--- START ---

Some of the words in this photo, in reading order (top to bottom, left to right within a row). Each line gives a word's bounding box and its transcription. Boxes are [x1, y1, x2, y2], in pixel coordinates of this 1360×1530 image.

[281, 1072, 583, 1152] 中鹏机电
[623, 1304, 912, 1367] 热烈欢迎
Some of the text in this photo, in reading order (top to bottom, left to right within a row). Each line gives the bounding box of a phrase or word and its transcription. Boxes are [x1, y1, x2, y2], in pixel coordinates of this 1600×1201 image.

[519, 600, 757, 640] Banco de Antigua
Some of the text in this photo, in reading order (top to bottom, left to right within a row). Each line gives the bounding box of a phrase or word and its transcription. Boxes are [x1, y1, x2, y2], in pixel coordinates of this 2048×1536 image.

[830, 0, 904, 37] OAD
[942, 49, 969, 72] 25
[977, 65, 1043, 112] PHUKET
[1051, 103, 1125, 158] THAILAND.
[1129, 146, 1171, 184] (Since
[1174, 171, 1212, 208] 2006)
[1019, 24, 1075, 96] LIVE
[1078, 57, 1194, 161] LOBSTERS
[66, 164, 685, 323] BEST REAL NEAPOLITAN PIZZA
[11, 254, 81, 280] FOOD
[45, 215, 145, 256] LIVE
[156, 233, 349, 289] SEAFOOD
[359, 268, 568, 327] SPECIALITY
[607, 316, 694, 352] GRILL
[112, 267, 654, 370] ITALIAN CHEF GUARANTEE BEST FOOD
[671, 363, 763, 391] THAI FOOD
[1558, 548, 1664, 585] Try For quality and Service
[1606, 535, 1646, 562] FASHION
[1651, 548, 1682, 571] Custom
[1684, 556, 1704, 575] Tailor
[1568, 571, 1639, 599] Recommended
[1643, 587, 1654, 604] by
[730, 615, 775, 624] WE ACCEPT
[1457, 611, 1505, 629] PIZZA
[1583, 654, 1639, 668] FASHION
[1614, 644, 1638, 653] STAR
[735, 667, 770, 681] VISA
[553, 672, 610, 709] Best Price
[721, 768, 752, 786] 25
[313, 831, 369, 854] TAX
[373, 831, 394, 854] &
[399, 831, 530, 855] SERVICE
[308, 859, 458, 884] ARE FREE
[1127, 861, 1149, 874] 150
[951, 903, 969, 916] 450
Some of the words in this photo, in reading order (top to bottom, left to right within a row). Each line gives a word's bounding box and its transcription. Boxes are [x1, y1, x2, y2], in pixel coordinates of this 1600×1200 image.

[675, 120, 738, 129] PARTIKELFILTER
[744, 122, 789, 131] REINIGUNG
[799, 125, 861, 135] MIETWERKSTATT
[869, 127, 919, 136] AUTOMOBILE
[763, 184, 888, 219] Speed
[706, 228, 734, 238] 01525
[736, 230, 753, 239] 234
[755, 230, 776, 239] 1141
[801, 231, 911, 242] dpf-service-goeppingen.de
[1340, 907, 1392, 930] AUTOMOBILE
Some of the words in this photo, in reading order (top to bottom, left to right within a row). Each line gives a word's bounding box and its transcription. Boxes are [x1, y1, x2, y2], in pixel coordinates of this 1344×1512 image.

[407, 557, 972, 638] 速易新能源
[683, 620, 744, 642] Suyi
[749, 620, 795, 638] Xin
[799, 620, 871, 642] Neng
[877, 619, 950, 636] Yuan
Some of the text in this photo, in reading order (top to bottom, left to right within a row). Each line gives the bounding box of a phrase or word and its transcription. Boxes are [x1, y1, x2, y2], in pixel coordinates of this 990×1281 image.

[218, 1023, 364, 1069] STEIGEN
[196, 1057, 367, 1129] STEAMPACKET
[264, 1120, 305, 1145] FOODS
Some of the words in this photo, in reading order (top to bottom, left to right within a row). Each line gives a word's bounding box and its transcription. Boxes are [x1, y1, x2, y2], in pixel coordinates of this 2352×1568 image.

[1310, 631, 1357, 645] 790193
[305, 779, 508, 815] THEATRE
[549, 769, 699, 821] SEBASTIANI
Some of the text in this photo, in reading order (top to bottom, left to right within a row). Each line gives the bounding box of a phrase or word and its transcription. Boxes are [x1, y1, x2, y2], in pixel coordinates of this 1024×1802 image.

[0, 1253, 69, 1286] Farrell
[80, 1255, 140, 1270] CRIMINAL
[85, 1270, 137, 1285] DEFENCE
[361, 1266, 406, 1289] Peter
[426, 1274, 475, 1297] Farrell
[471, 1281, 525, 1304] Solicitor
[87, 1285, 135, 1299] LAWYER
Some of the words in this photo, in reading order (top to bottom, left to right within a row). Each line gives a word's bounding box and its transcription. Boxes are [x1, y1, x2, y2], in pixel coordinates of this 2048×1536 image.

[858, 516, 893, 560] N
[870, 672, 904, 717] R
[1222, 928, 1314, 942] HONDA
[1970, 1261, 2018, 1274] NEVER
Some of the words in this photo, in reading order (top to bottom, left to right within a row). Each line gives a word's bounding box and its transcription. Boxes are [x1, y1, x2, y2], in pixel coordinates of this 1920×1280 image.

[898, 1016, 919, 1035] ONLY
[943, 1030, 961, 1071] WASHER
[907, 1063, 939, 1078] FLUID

--- END ---

» **BRIEF**:
Exactly what appears above must be set down again in full.

» **WRITTEN SOLUTION**:
Some of the words in this photo, in reading order (top to bottom, left to right within a row). Each line gives a word's bounding box and its transcription. Boxes are [x1, y1, x2, y2], in pixel coordinates of this 1360×1530 image.

[281, 1072, 583, 1152] 中鹏机电
[623, 1304, 912, 1367] 热烈欢迎
Some of the text in this photo, in reading order (top to bottom, left to right within a row). Each line gives the bounding box of a phrase or word and its transcription. Boxes are [x1, y1, x2, y2], in pixel coordinates of this 1600×1201 image.

[519, 600, 757, 640] Banco de Antigua
Some of the text in this photo, in reading order (top to bottom, left to right within a row). Each line gives the bounding box of a phrase or word and its transcription. Boxes are [x1, y1, x2, y2], in pixel coordinates of this 2048×1536 image.

[830, 0, 904, 37] OAD
[942, 49, 969, 72] 25
[977, 65, 1043, 112] PHUKET
[1051, 103, 1125, 158] THAILAND.
[1129, 146, 1171, 184] (Since
[1174, 171, 1212, 208] 2006)
[1019, 24, 1075, 96] LIVE
[1078, 57, 1194, 161] LOBSTERS
[66, 164, 685, 323] BEST REAL NEAPOLITAN PIZZA
[11, 254, 81, 280] FOOD
[45, 215, 145, 256] LIVE
[156, 233, 349, 289] SEAFOOD
[359, 268, 568, 327] SPECIALITY
[607, 316, 694, 352] GRILL
[112, 267, 654, 370] ITALIAN CHEF GUARANTEE BEST FOOD
[671, 363, 763, 391] THAI FOOD
[1558, 548, 1664, 585] Try For quality and Service
[1606, 535, 1646, 562] FASHION
[1651, 548, 1682, 571] Custom
[1684, 556, 1704, 575] Tailor
[1568, 571, 1639, 599] Recommended
[1643, 587, 1654, 604] by
[730, 615, 775, 624] WE ACCEPT
[1457, 611, 1505, 629] PIZZA
[1583, 654, 1639, 668] FASHION
[1614, 644, 1638, 653] STAR
[735, 667, 770, 681] VISA
[553, 672, 610, 709] Best Price
[721, 768, 752, 786] 25
[313, 831, 369, 854] TAX
[373, 831, 394, 854] &
[399, 831, 530, 855] SERVICE
[308, 859, 458, 884] ARE FREE
[1127, 861, 1149, 874] 150
[951, 903, 969, 916] 450
Some of the words in this photo, in reading order (top to bottom, left to right within a row). Each line gives a word's bounding box and its transcription. Boxes are [x1, y1, x2, y2], in pixel coordinates of this 1600×1200 image.

[675, 120, 738, 129] PARTIKELFILTER
[744, 122, 789, 131] REINIGUNG
[799, 125, 861, 135] MIETWERKSTATT
[869, 127, 919, 136] AUTOMOBILE
[763, 184, 888, 219] Speed
[706, 228, 734, 238] 01525
[736, 230, 753, 239] 234
[755, 230, 776, 239] 1141
[801, 231, 911, 242] dpf-service-goeppingen.de
[1340, 907, 1392, 930] AUTOMOBILE
Some of the words in this photo, in reading order (top to bottom, left to right within a row). Each line gives a word's bounding box and its transcription. Boxes are [x1, y1, x2, y2], in pixel coordinates of this 1344×1512 image.

[407, 557, 972, 638] 速易新能源
[683, 620, 744, 642] Suyi
[749, 620, 795, 638] Xin
[799, 620, 871, 642] Neng
[877, 619, 950, 636] Yuan
Some of the text in this photo, in reading order (top to bottom, left to right within a row). Each line gives the bounding box of a phrase or word and its transcription. Boxes are [x1, y1, x2, y2], in pixel coordinates of this 990×1281 image.

[218, 1023, 364, 1069] STEIGEN
[196, 1057, 367, 1129] STEAMPACKET
[264, 1120, 305, 1145] FOODS
Some of the words in this photo, in reading order (top to bottom, left to right within a row). Each line gives a word's bounding box and its transcription. Boxes are [x1, y1, x2, y2], in pixel coordinates of this 2352×1568 image.

[1310, 631, 1357, 645] 790193
[305, 779, 508, 815] THEATRE
[549, 769, 699, 821] SEBASTIANI
Some of the text in this photo, in reading order (top to bottom, left to right within a row). Each line gives the bounding box of a phrase or word and its transcription. Boxes are [x1, y1, x2, y2], in pixel coordinates of this 1024×1802 image.

[0, 1253, 69, 1286] Farrell
[80, 1255, 140, 1270] CRIMINAL
[85, 1270, 137, 1285] DEFENCE
[361, 1266, 406, 1289] Peter
[426, 1274, 475, 1297] Farrell
[471, 1281, 525, 1304] Solicitor
[87, 1285, 135, 1299] LAWYER
Some of the words in this photo, in reading order (top to bottom, left to right within a row). Each line gives a word's bounding box and its transcription. Boxes are [x1, y1, x2, y2], in pixel coordinates of this 2048×1536 image.

[858, 516, 893, 560] N
[870, 672, 904, 717] R
[1222, 928, 1314, 942] HONDA
[1970, 1261, 2018, 1274] NEVER
Some of the words in this photo, in reading order (top to bottom, left to right within a row). Each line gives a word's bounding box and its transcription. Boxes are [x1, y1, x2, y2], in pixel coordinates of this 1920×1280 image.

[898, 1016, 919, 1035] ONLY
[943, 1030, 961, 1071] WASHER
[907, 1063, 939, 1078] FLUID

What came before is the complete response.